While most people know that Facebook’s advertising practices are questionable on the best of days, popular messaging app Signal recently attempted to expose how accurate the social giant’s tracking really is. That is, if you can even call it tracking — we’d prefer to call it blatant surveillance.
Many users of the blue social platform and its underlings (Instagram and WhatsApp) really have no idea how deep its understanding of its users delves. A recent advertising campaign attempted to buy ‘multi-variant targeted’ ads on Instagram that would clearly show the company’s tracking practices.
Wait for the Signal
An ad would, for example, detail what a person seeing the ad does for a living, what they’re interested in and what they’ve been up to recently. Seeing this plainly would probably knock anyone off their office chairs, but this is the level of in-depth information these companies gather of their individual users.

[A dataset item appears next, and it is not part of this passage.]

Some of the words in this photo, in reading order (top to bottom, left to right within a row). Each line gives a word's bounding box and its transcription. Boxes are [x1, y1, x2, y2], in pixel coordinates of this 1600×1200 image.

Advertisers can, through Facebook and its partnered platforms, use hundreds of data points to target specific users, and while it may not be as obvious from the ads you generally encounter — the targeting work that goes on behind the screen is quite extensive.
“Advertisers can use the enormous range of data points to target audiences based on their location, age, demographics, interests, and behavior,” The Next Web details.

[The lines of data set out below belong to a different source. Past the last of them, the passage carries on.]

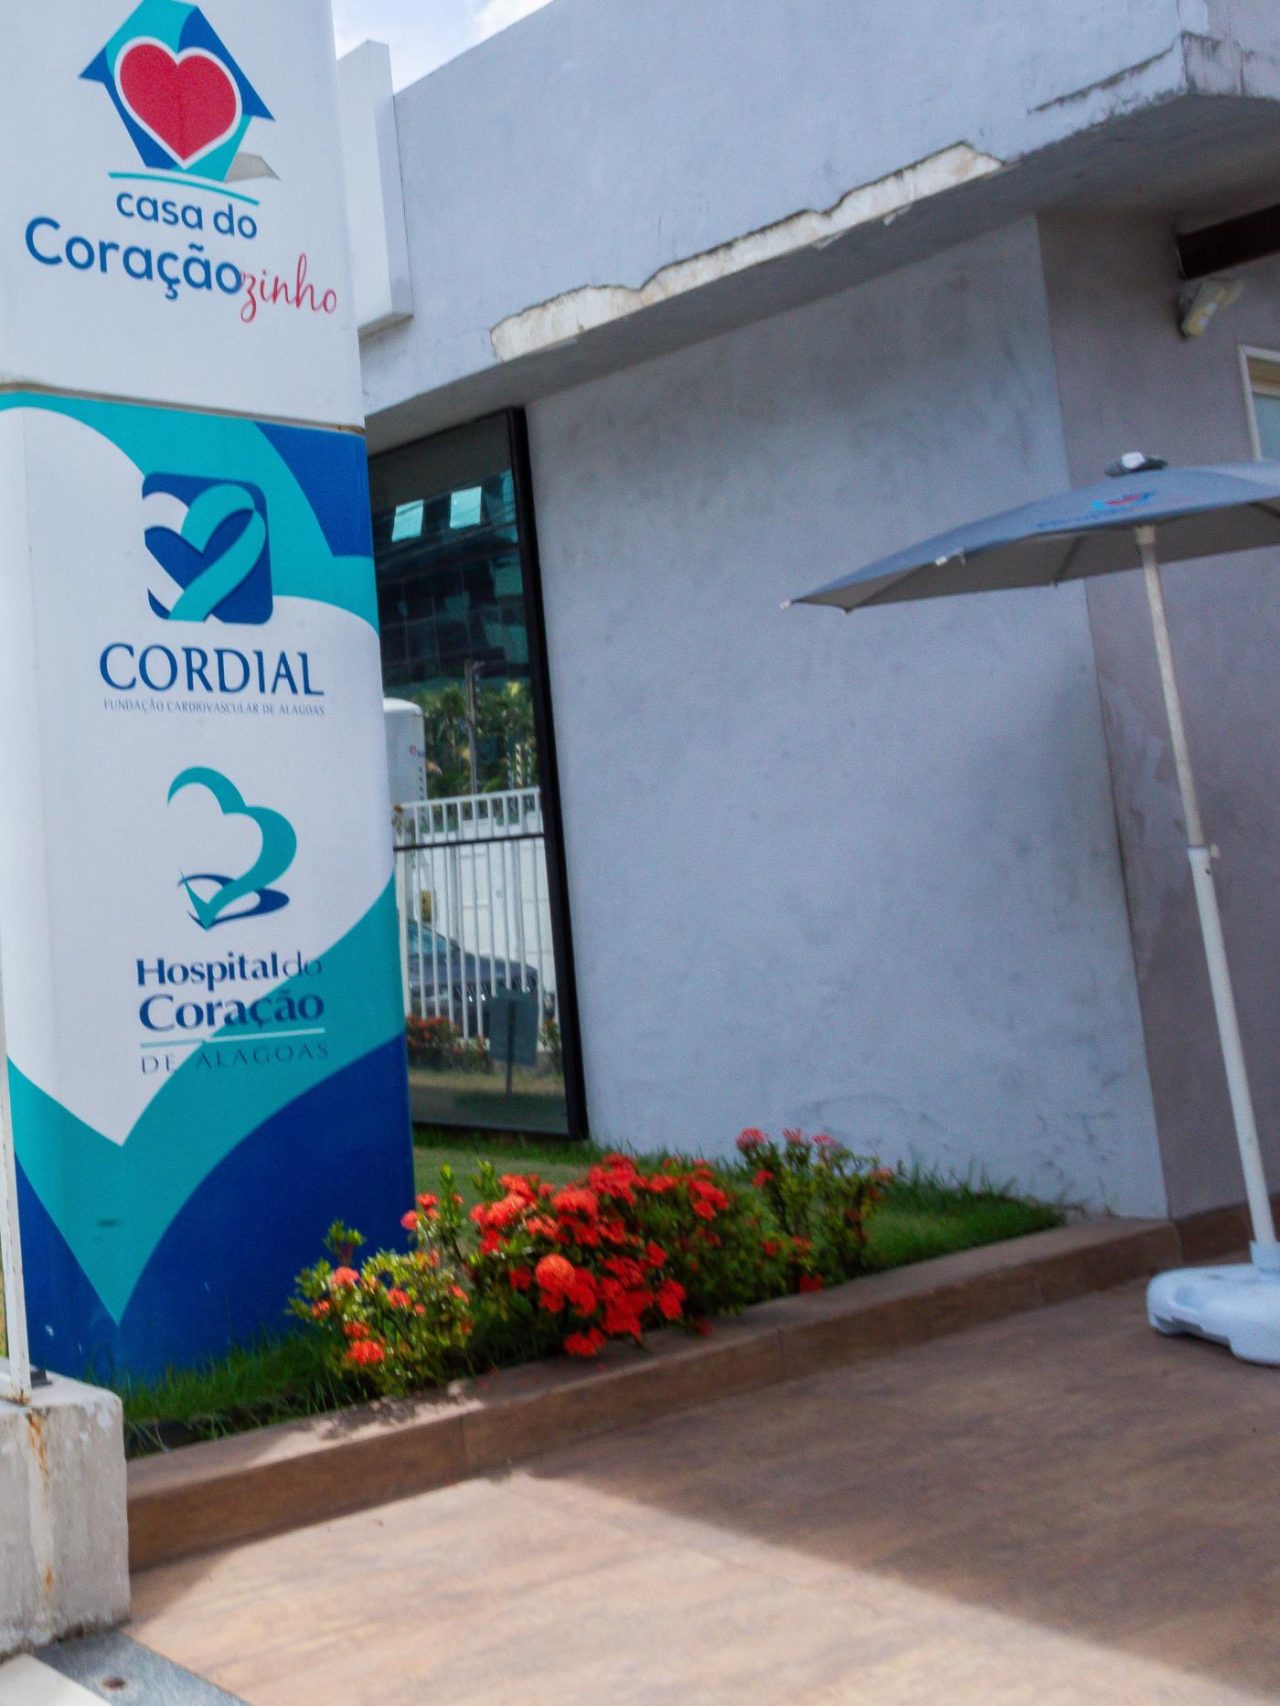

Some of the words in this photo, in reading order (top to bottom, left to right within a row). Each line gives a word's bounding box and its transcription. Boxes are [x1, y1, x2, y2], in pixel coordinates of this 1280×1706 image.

[116, 192, 203, 231] casa
[213, 203, 258, 239] do
[99, 642, 324, 695] CORDIAL
[104, 697, 163, 714] FUNDAÇÃO
[167, 700, 259, 714] CARDIOVASCULAR
[262, 703, 276, 715] DE
[279, 703, 325, 716] ALAGOAS
[136, 951, 279, 992] Hospital
[139, 989, 325, 1032] Coração
[141, 1055, 175, 1074] DE
[195, 1041, 329, 1070] ALAGOAS

“The resulting adverts can be eerily intimate and potentially harmful. Just last week, researchers found that Facebook had allowed advertisers to target teenage children interested in smoking, gambling, and extreme weight loss.”
Signal, the messaging app focused on privacy and keeping user information safe, details the process of designing the advertising campaign, saying ads would “… simply display some of the information collected about the viewer which the advertising platform uses.” And apparently “Facebook was not into that idea.”
The social media platform immediately disabled the ad campaign and disabled the ad account. This kind of stuff can’t be obvious to its users, right? Of course, we need to consider that the whole thing is a stunt to bait current WhatsApp users to Signal (considering WhatsApp’s deadline to consent to data tracking is coming up), but it does unveil some of the platform’s questionable practices.